(EXERCISE BRIEF)
Transcribe all of the records word for word, please, omitting the pictures.

(DATA RECORDS)

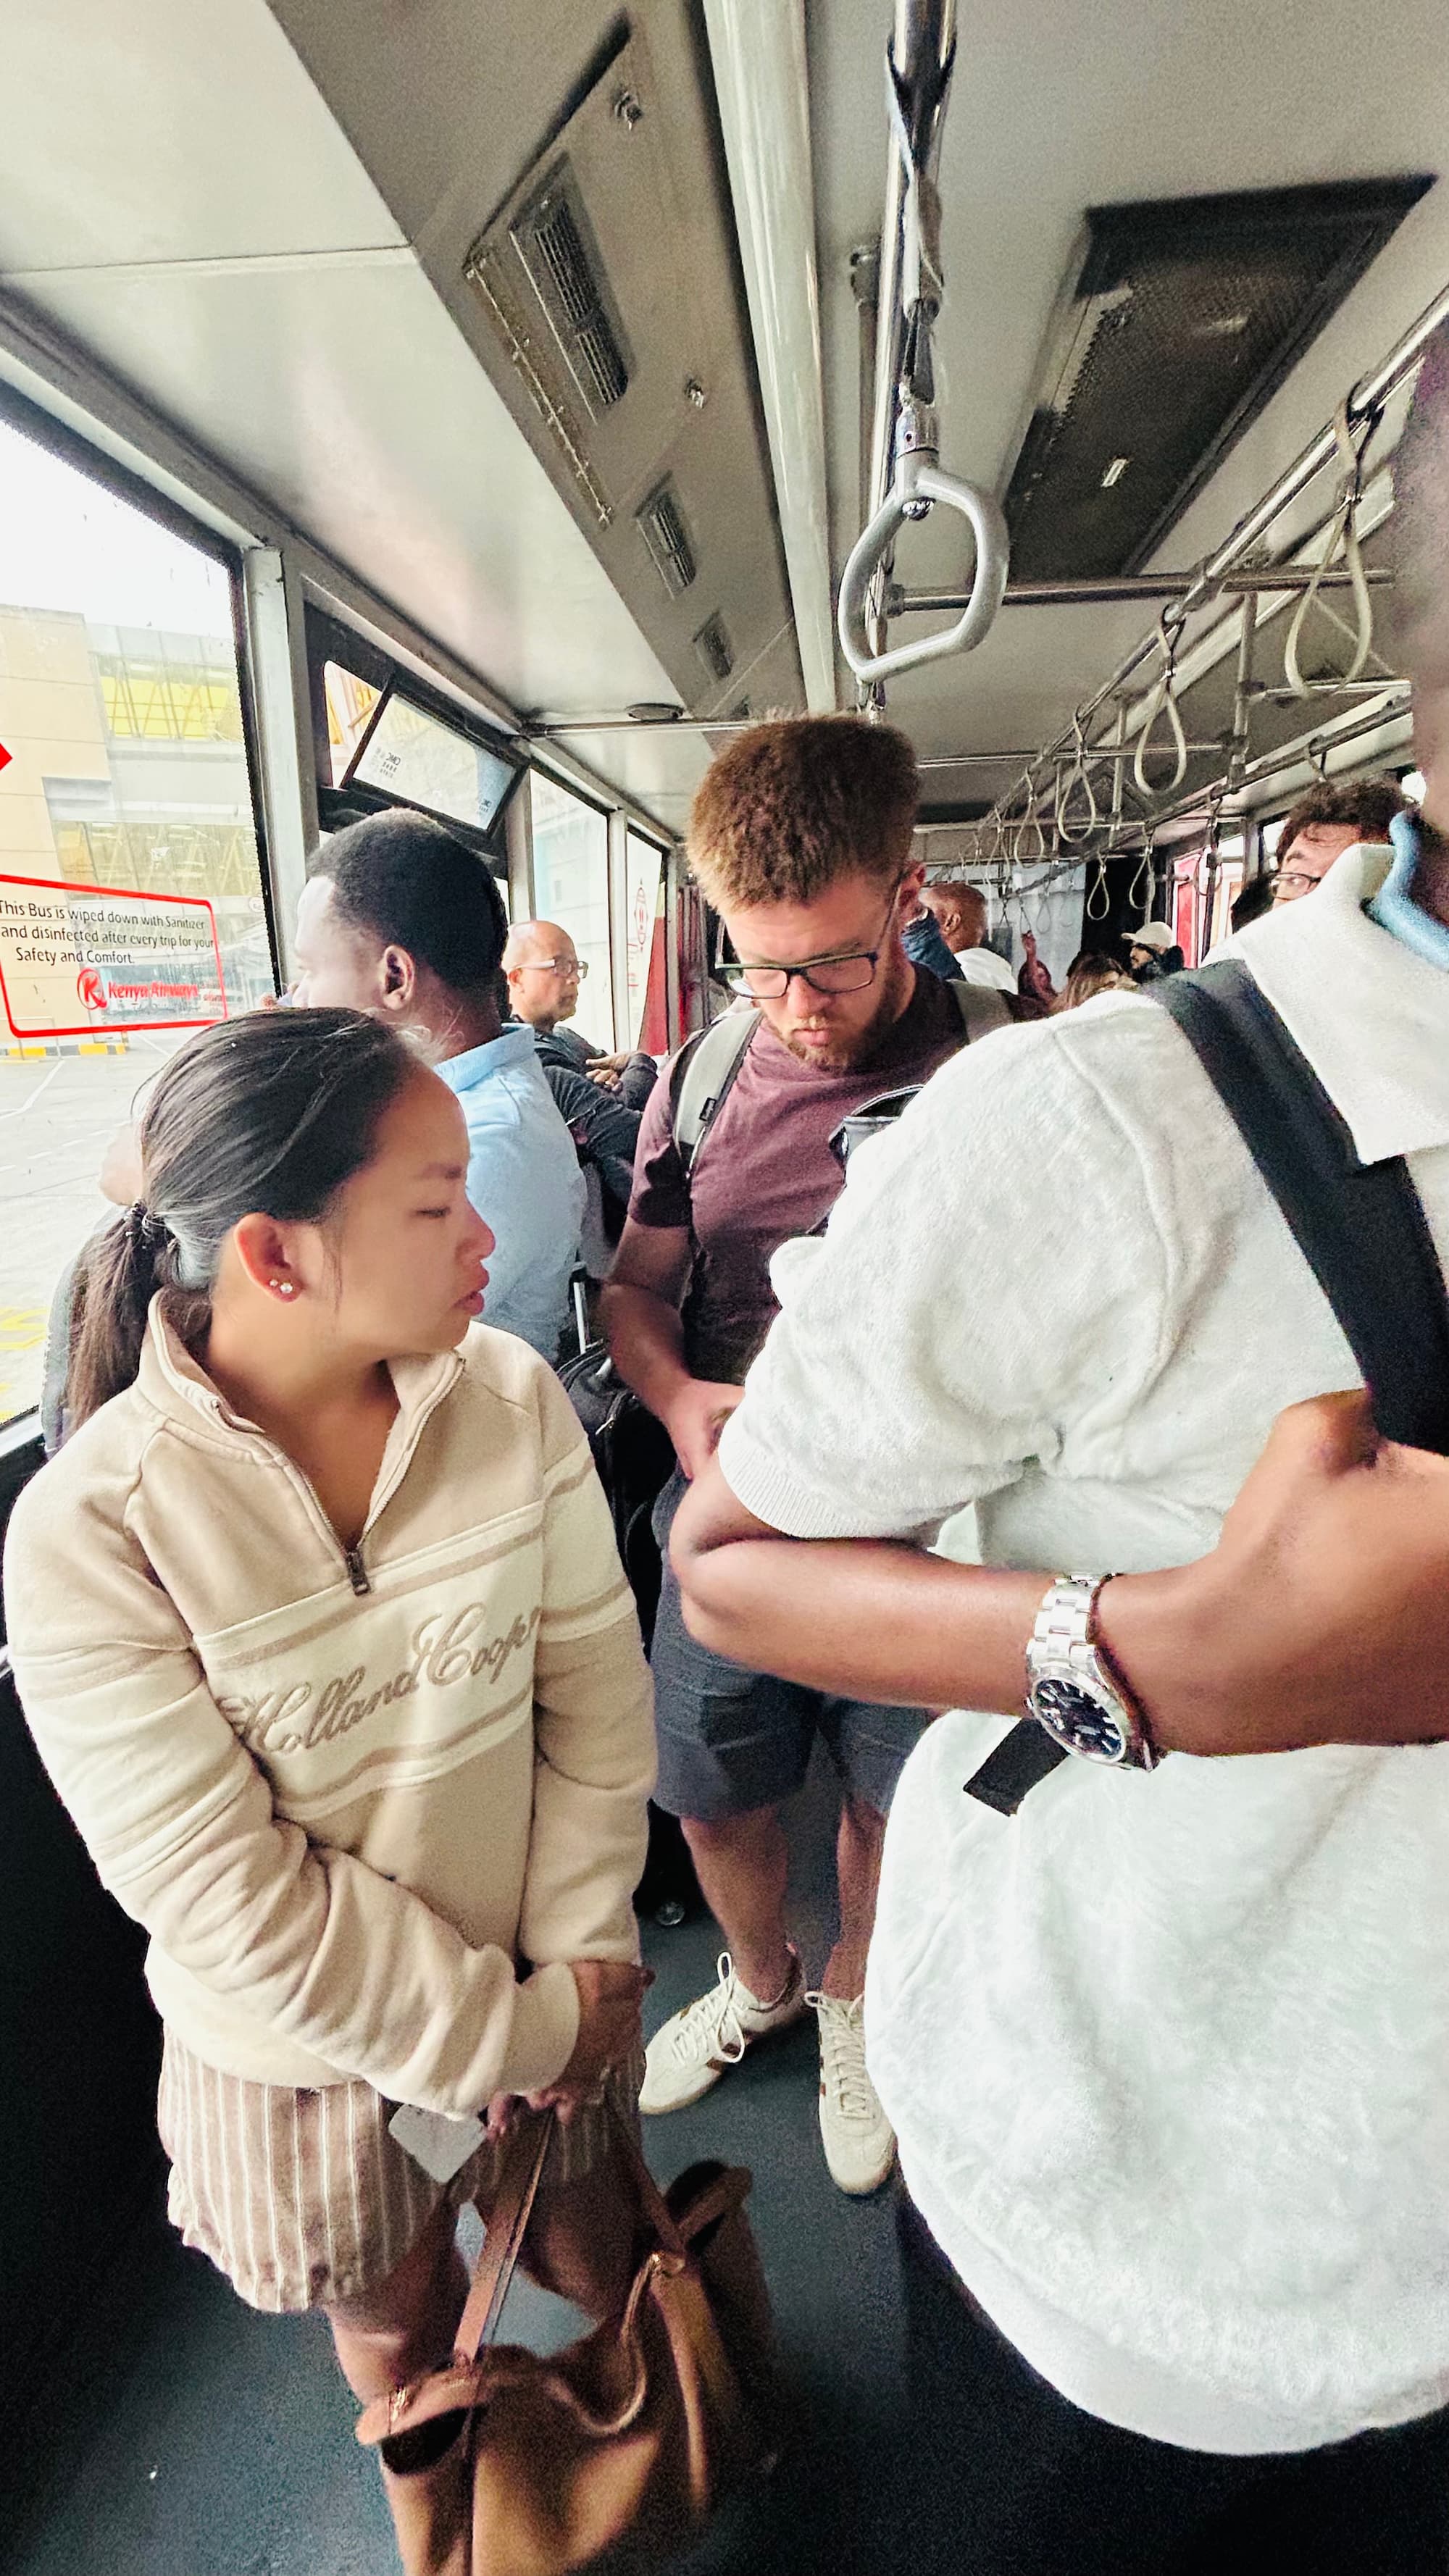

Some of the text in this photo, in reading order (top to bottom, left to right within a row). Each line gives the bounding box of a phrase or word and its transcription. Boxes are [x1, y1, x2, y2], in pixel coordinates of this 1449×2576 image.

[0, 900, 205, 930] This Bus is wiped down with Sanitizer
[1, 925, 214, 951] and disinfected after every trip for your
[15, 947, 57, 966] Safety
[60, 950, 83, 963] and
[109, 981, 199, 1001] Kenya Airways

(RESULT OF THIS TASK)
Some of the text in this photo, in reading order (top to bottom, left to right within a row). Each line gives the bounding box of a phrase or word and its transcription. Boxes are [x1, y1, x2, y2], in pixel coordinates of this 1449×2576 image.

[0, 900, 205, 930] This Bus is wiped down with Sanitizer
[1, 925, 214, 951] and disinfected after every trip for your
[15, 947, 57, 966] Safety
[60, 950, 83, 963] and
[109, 981, 199, 1001] Kenya Airways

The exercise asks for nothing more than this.